Progesterone amplifies allergic inflammation and airway pathology in association with higher lung ILC2 responses.

Perimenstrual worsening of asthma occurs in up to 40% of asthmatic women, leading to increased acute exacerbations requiring clinical care. The role of sex hormones during these times remains unclear. In the current study, we used a translational approach to determine whether progesterone exacerbates allergic inflammation in the traditional OVA model in BALB/c mice. Simultaneously, we used PBMC from healthy human donors to assess the effects of progesterone on circulating ILC2. Briefly, lungs of ovarectomized (OVX) or sham-operated female (F-Sham) controls were implanted with a progesterone (P4, 25mg) (OVX-P4) or placebo pellet (OVX-Placebo), followed by sensitization and challenge with ovalbumin (OVA). Progesterone increased total inflammatory histologic scores, increased hyper-responsiveness to methacholine, increased select chemokines in the BAL and serum, and increased ILC2 and neutrophil numbers, along the airways in comparison to F-Sham-OVA and OVX-Placebo-OVA animals. Lung ILC2 were sorted from F-Sham-OVA, OVX-Placebo-OVA and OVX-P4-OVA treated animals and stimulated with IL-33. OVX-P4-OVA lung ILC2 were more responsive to IL-33 compared to F-Sham-OVA treated, producing more IL-13 and chemokines following IL-33 stimulation.
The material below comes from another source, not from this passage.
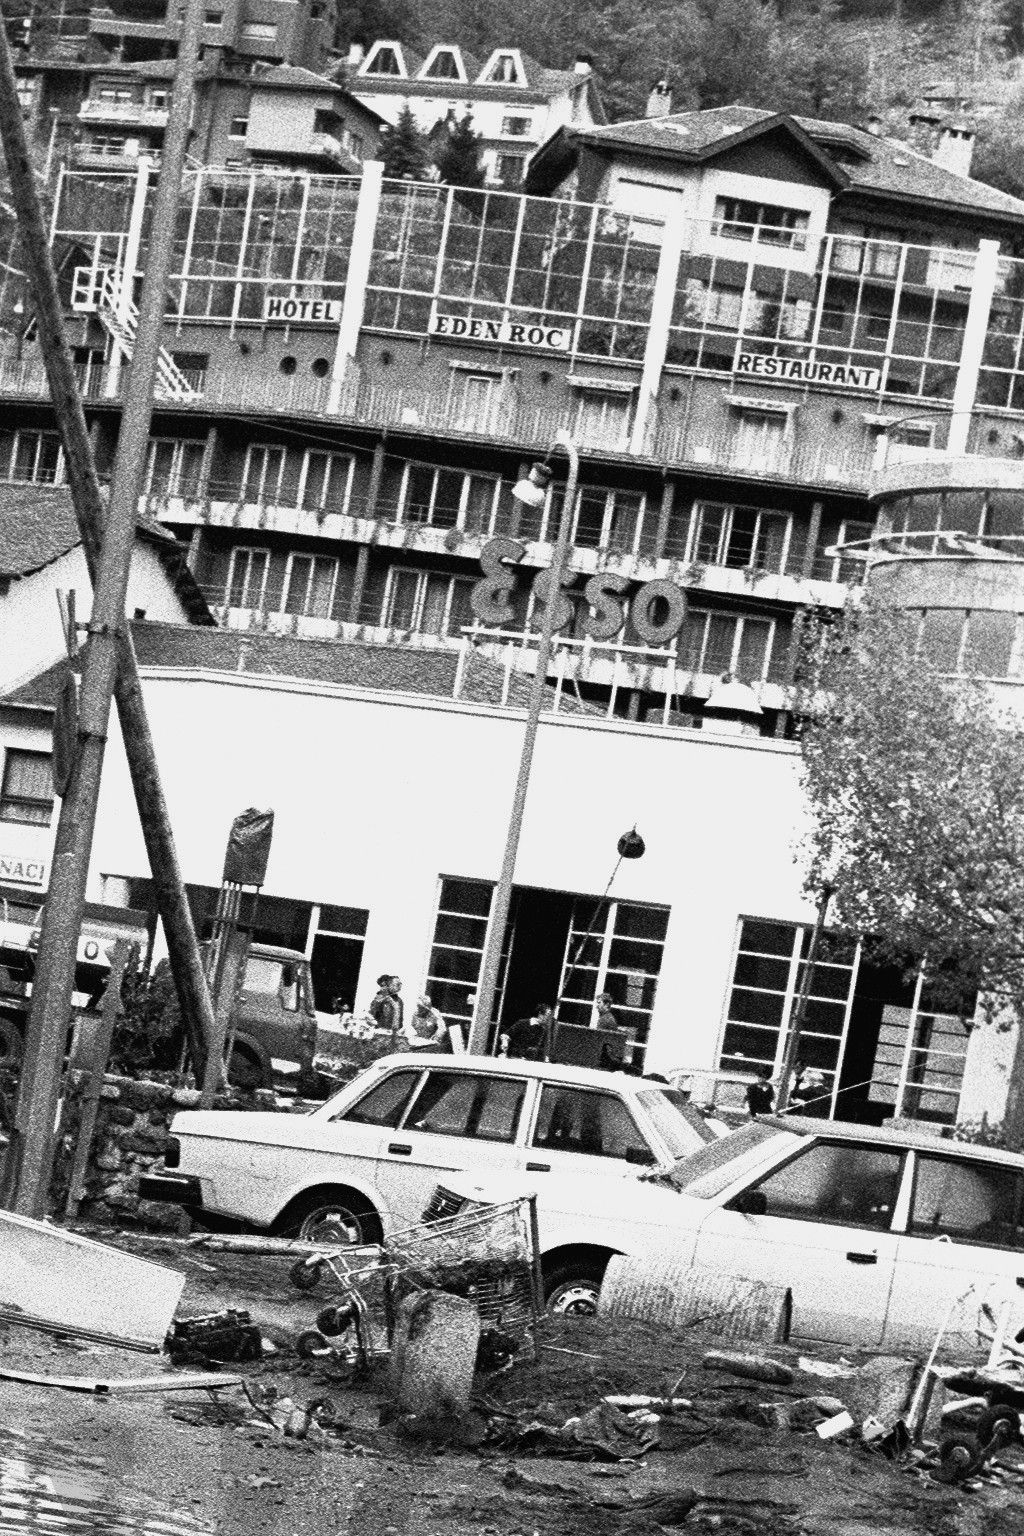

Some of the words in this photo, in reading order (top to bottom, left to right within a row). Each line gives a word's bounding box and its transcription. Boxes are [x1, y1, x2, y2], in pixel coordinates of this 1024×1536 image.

[267, 299, 334, 321] HOTEL
[434, 316, 503, 340] EDEN
[508, 322, 564, 347] ROC
[737, 354, 875, 387] RESTAURANT
We confirmed the expression of the progesterone receptor (PR) on human ILC2, and showed that P4 + IL-33 stimulation also increased IL-13 and chemokine production from human ILC2. We establish that murine ILC2 are capable of responding to P4 and thereby contribute to allergic inflammation in the lung. We confirmed that human ILC2 are also hyper-responsive to P4 and IL-33 and likely contribute to airway exacerbations following allergen exposures in asthmatic women with increased symptoms around the time of menstruation.